Originally named Gyesamtang, it was later called Samgyetang due to the value attributed to ginseng as a supporting ingredient. This dish exemplifies the traditional Korean concept of ‘yakshik-dongwon’ – the idea that medicine and food share the same origins.
The history of Samgyetang dates back to the Japanese colonial era when affluent households began incorporating ginseng into their chicken soups. However, it was not until the 1960s and further popularisation in the 1970s that Samgyetang took on its recognisable form.
Over time, Samgyetang has evolved into a diverse and elaborate dish. Variations such as Hanbang Samgyetang incorporate a range of medicinal herbs like nokak – or a deer horn, chestnuts, and angelica root, while Haemul Samgyetang introduces ingredients like natural abalone and octopus for added flavour.
In modern times, instant Samgyetang has gained popularity, offering a convenient solution for those seeking a quick and satisfying meal. By simply heating it in boiling water, this easily accessible option has become particularly favoured among contemporary individuals.
Samgyetang, with its warm and invigorating properties, not only provides relief from the sweltering heat but also rejuvenates tired bodies. Its efficacy in boosting vitality during the scorching summer months has solidified its position as a timeless and representative health food in Korean cuisine.
How to prepare Samgyetang?
Ingredients: young chicken, short grain sweet rice or glutinous rice (1/2 cup), dried or fresh ginseng (one), whole garlic cloves (5-6), dried jujubes (5-6 red dates), green onion (2) and white onion (1/2), water (1.5-2 litres) and salt, and herbs pack including milk vetch root, wild mulberry tree, acanthopanax, licorice and dong quai. The kit is available in stores.
Wash the glutinous rice and soak it for 30-40 minutes in water. Clean the chicken, remove the fat, and then stuff its stomach with soaked glutinous rice, garlic cloves, ginseng, and jujube. Tie the legs in a cross format to ensure the rice and stuffing remains inside while it’s cooked in a pot. Now, add the rest of the ingredients from the herbal pack. Mix a little salt as per requirement, and boil it.
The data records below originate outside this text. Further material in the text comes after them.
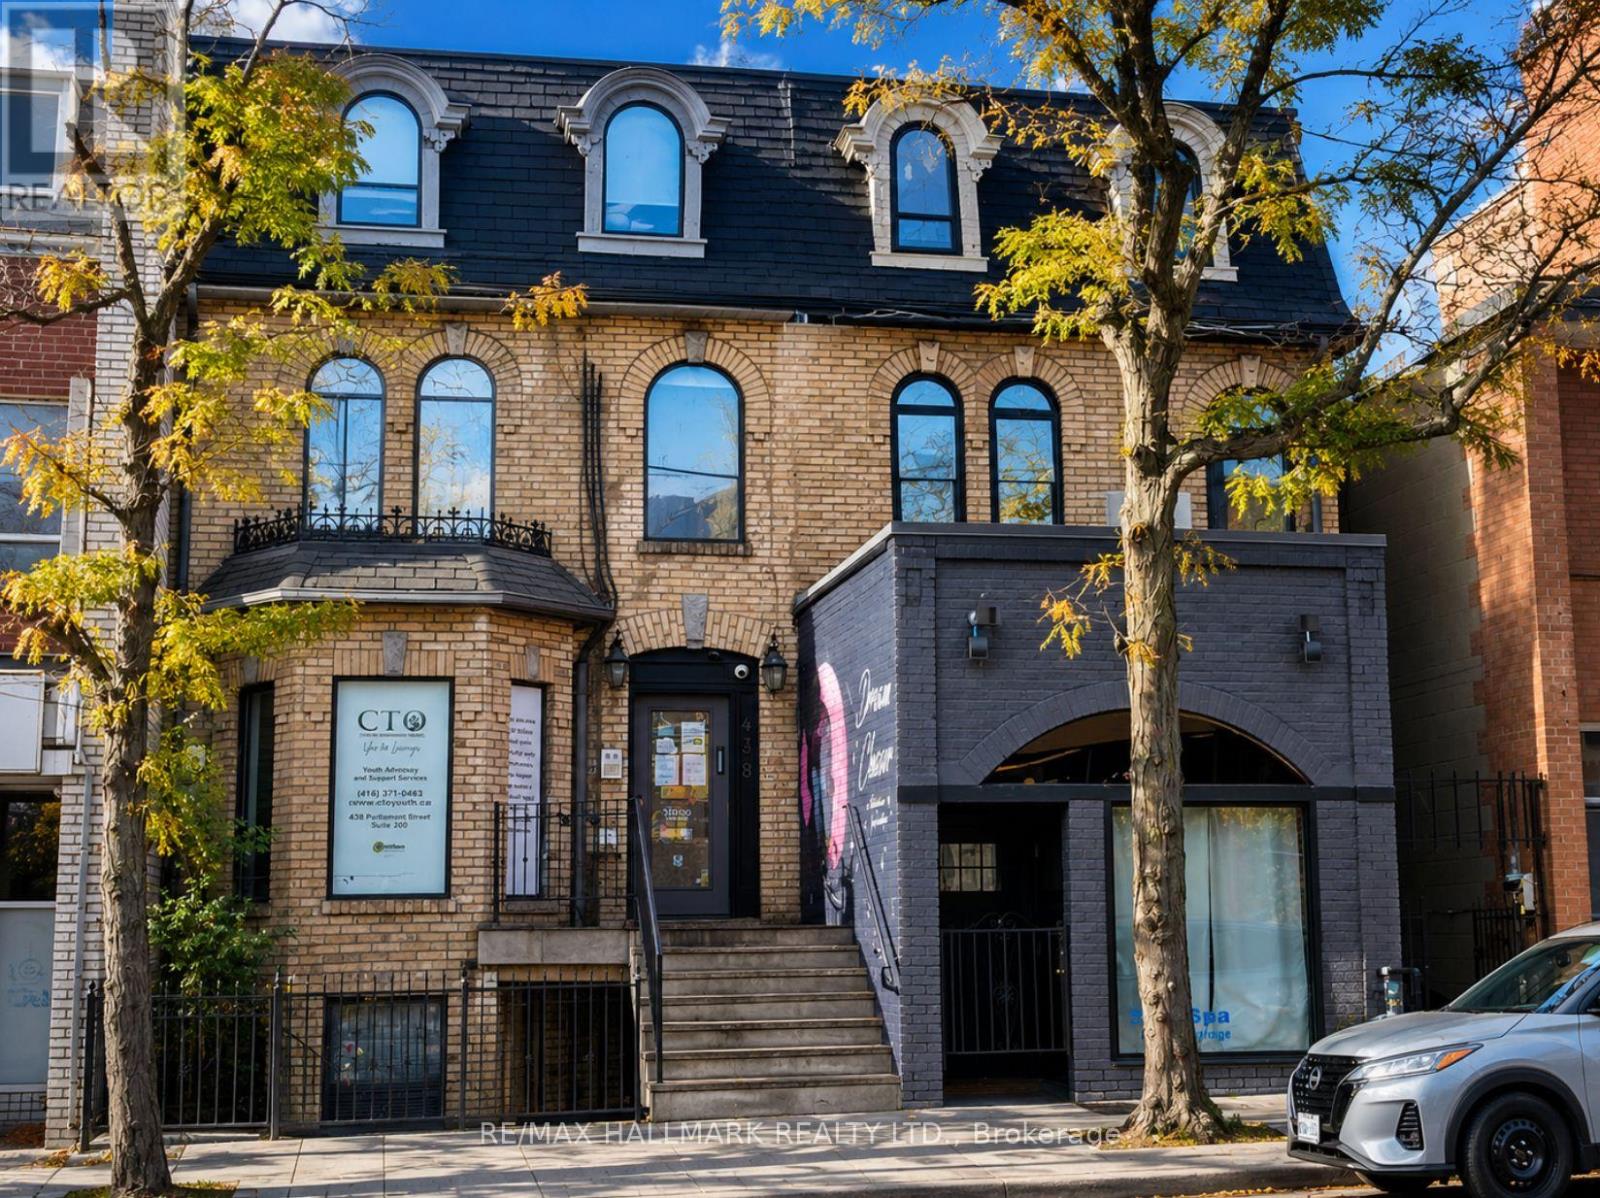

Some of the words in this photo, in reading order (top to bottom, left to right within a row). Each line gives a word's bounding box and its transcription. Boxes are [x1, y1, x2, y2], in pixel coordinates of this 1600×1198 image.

[357, 709, 427, 731] CTO
[368, 774, 396, 783] Support
[357, 789, 380, 798] (416)
[371, 821, 390, 829] Suite
[1191, 1008, 1230, 1026] Spa
When it starts to boil, lower the flame to medium-low and let it simmer for about 30 minutes for the flavours to meld together. The ginseng-flavoured chicken will be tender, tasty, and the broth nutritious. Now, place it in a bowl and garnish with dates or green onion. The overall preparation time is 90 minutes.
“This is very nutritious soup,” said Hyeri Hwang, the owner of Taon restaurant.
Kyusik Kong, the chef who prepared the dish, added: “You may sweat while having the soup, but soon you will start to like and enjoy it.”
Participants during the event included spouses of ambassadors and diplomats from missions of Tuvalu, France, Belgium, Thailand, Canada, Finland, Vietnam, Afghanistan, the US and Sweden.